(Collected data)
-------------------------
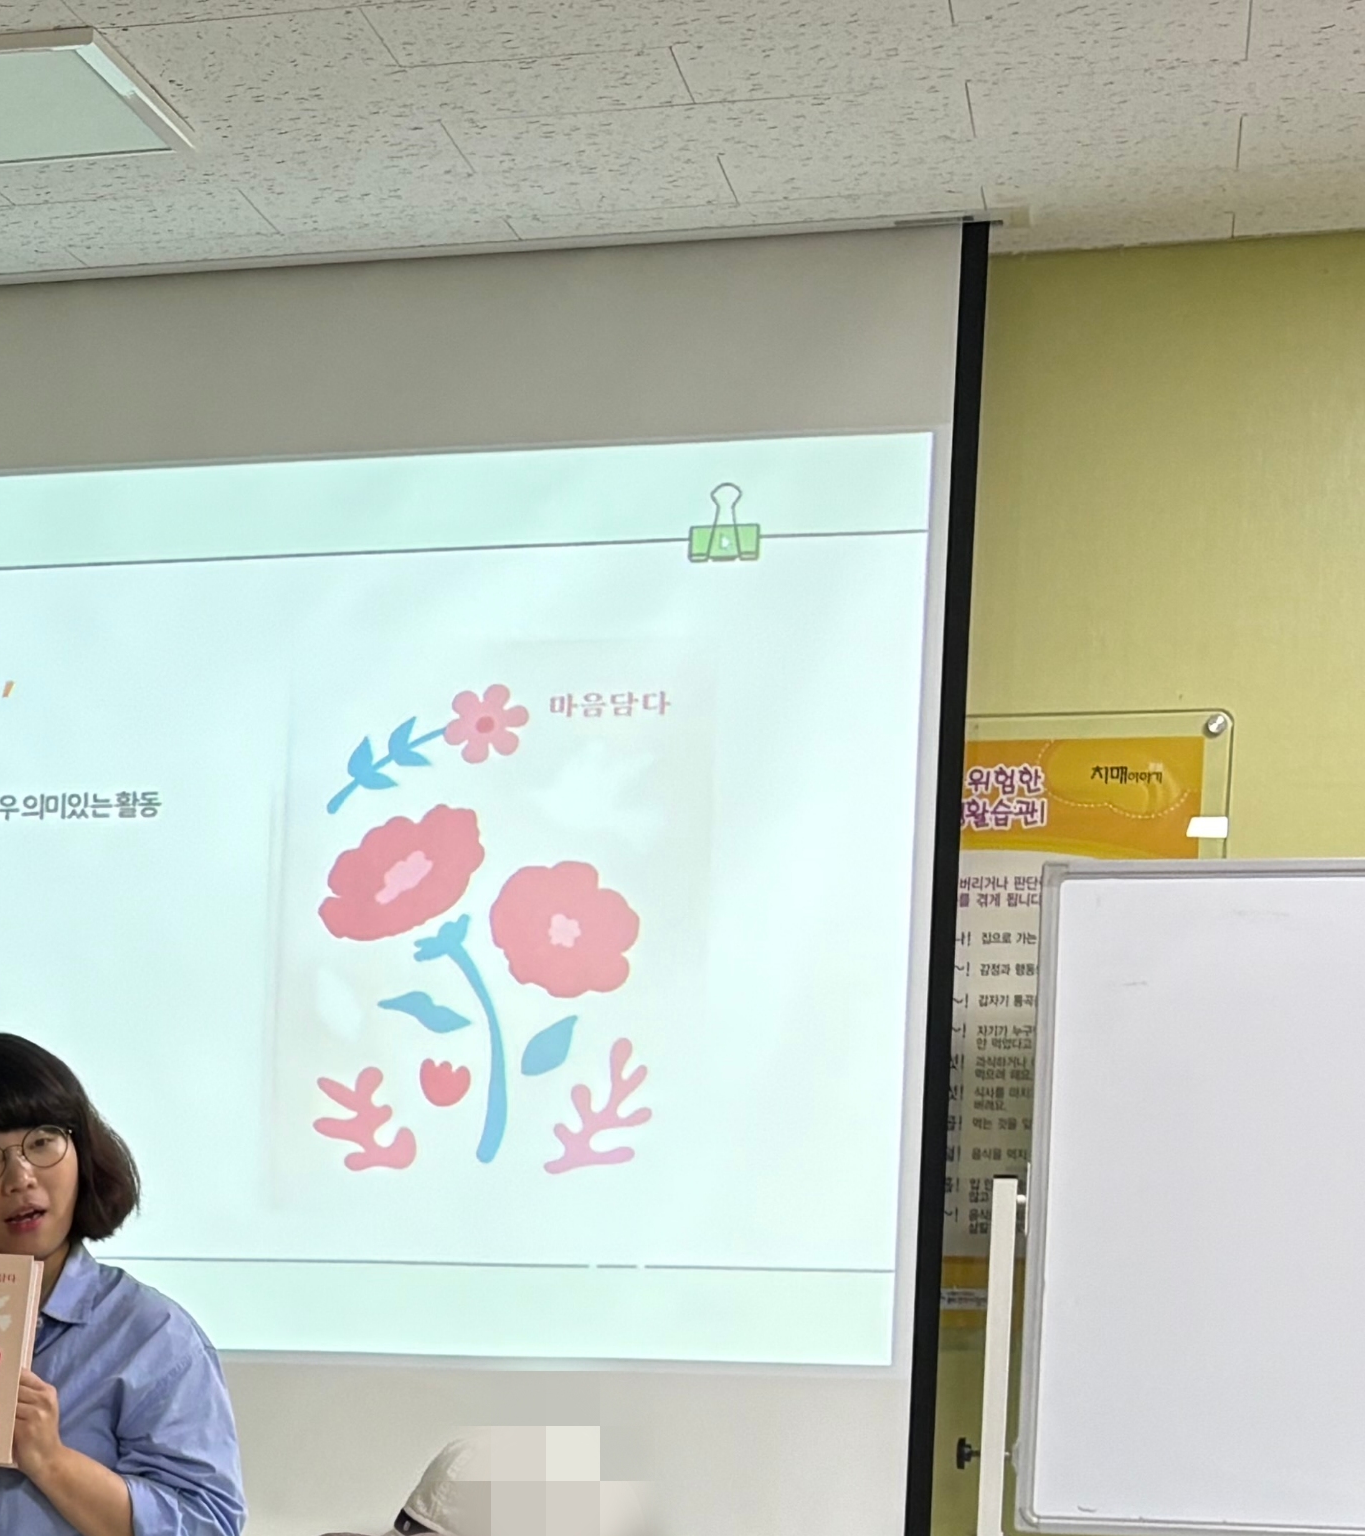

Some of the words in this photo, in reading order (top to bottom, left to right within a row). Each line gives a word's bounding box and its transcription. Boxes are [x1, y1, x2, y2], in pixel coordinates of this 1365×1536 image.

[549, 690, 672, 719] 마음담다
[966, 762, 1045, 797] 위험한
[1090, 764, 1164, 785] 치매이야기
[114, 791, 162, 819] 활동
[958, 875, 1010, 892] 버리거나
[1013, 875, 1042, 892] 판단
[976, 892, 1001, 908] 겪게
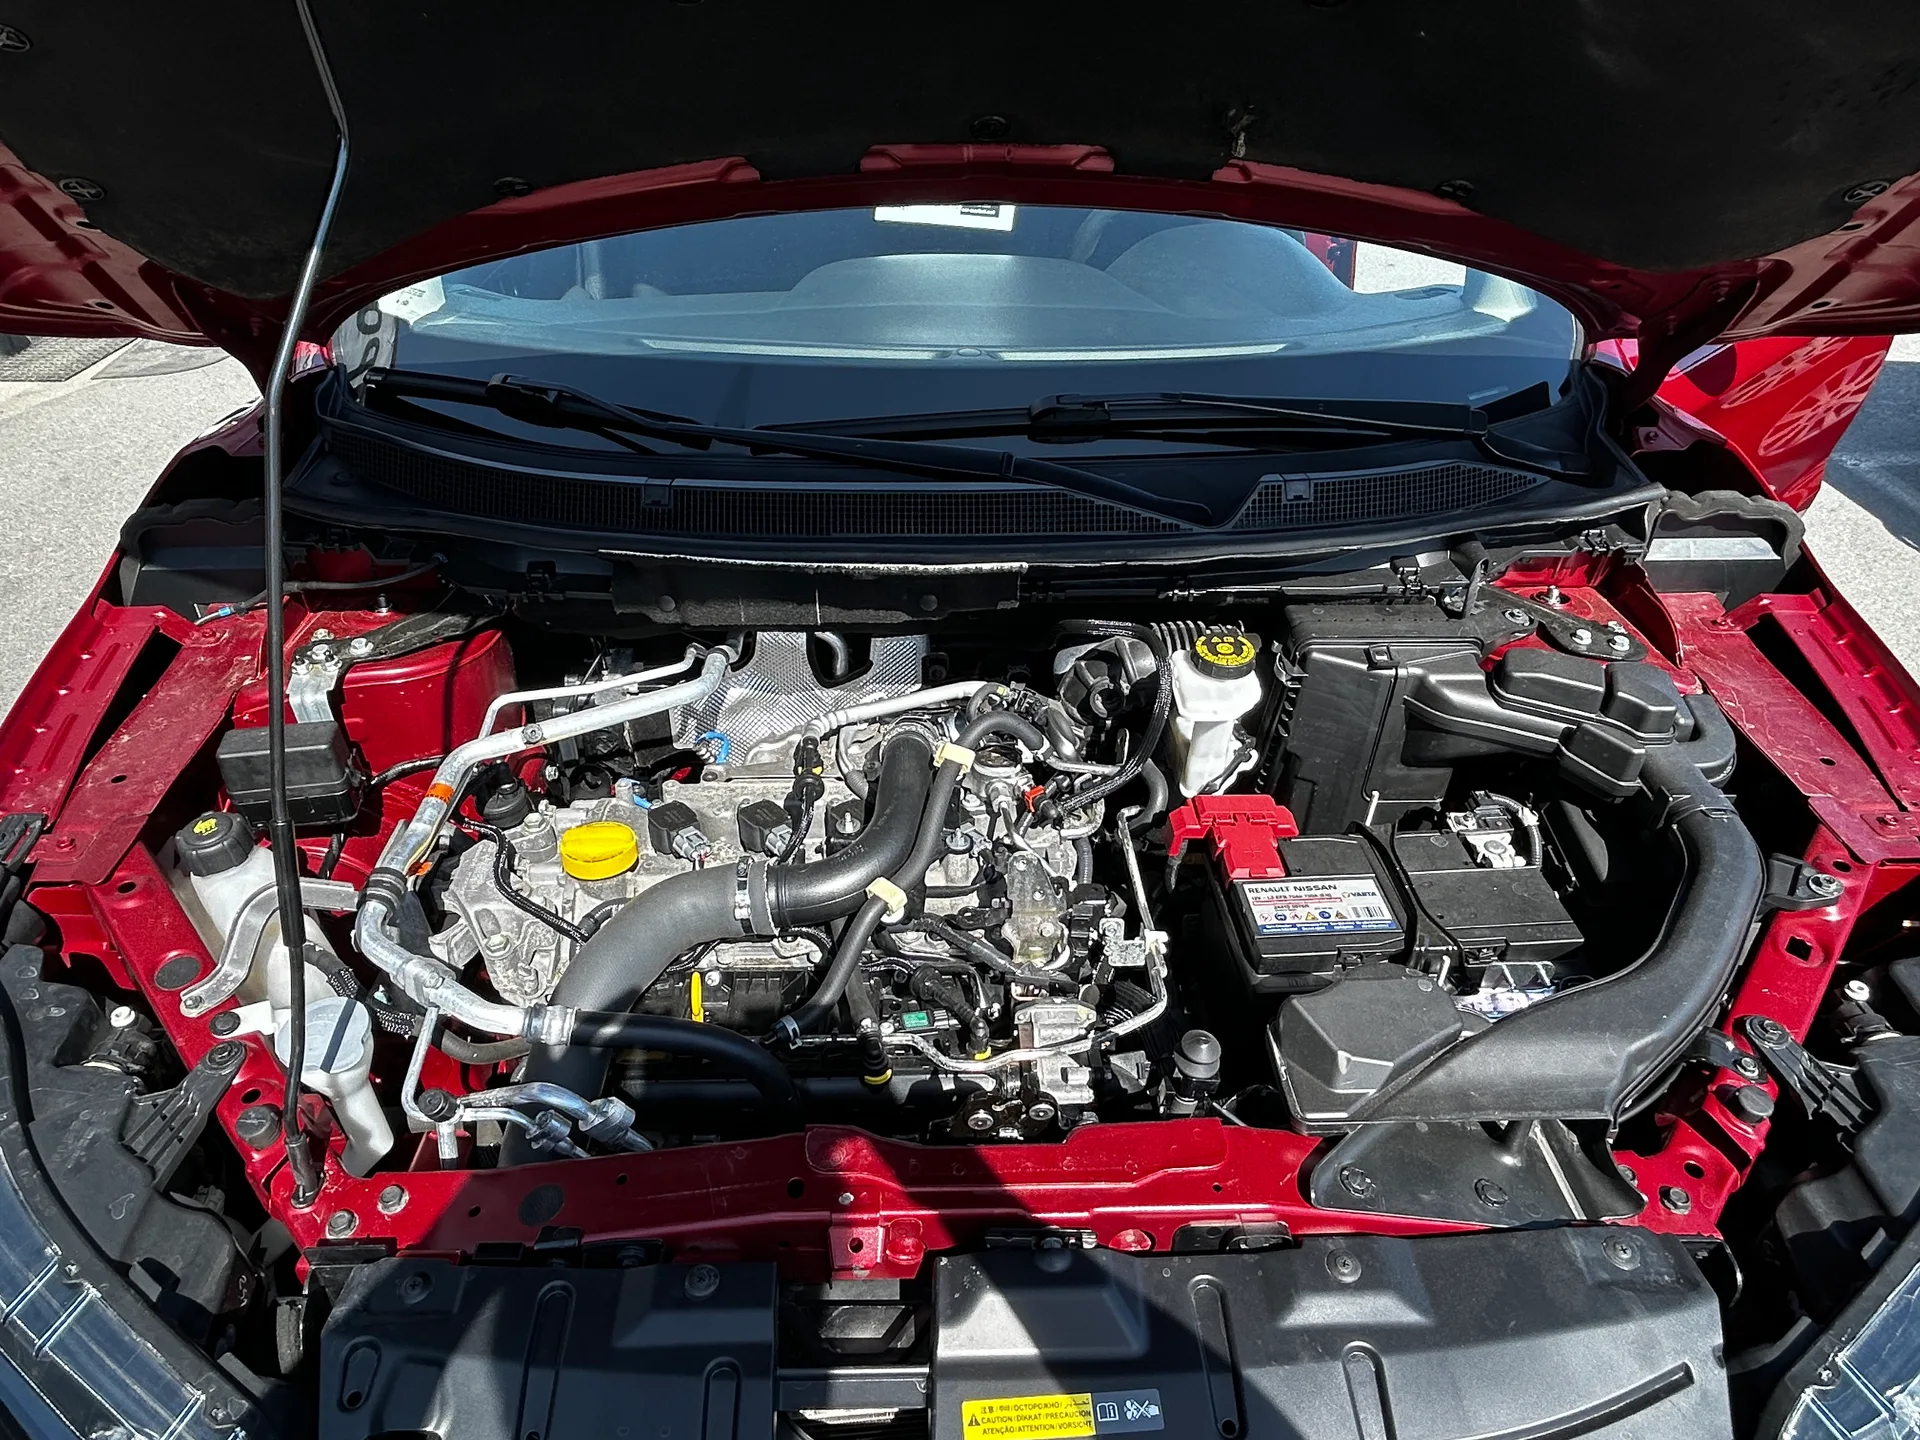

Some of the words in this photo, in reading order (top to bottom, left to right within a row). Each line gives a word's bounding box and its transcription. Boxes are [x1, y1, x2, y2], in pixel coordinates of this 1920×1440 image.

[1293, 884, 1337, 892] NISSAN
[981, 1415, 1013, 1424] CAUTION
[1017, 1423, 1055, 1433] ATTENTION
[1057, 1420, 1092, 1430] VORSICHT
-------------------------
Print nothing but the lines from the one that contains "this 1920×1440 image." to the final line of the data, both included, exactly as they read.

EXERCISE SOLUTION:
Some of the words in this photo, in reading order (top to bottom, left to right within a row). Each line gives a word's bounding box and its transcription. Boxes are [x1, y1, x2, y2], in pixel coordinates of this 1920×1440 image.

[1293, 884, 1337, 892] NISSAN
[981, 1415, 1013, 1424] CAUTION
[1017, 1423, 1055, 1433] ATTENTION
[1057, 1420, 1092, 1430] VORSICHT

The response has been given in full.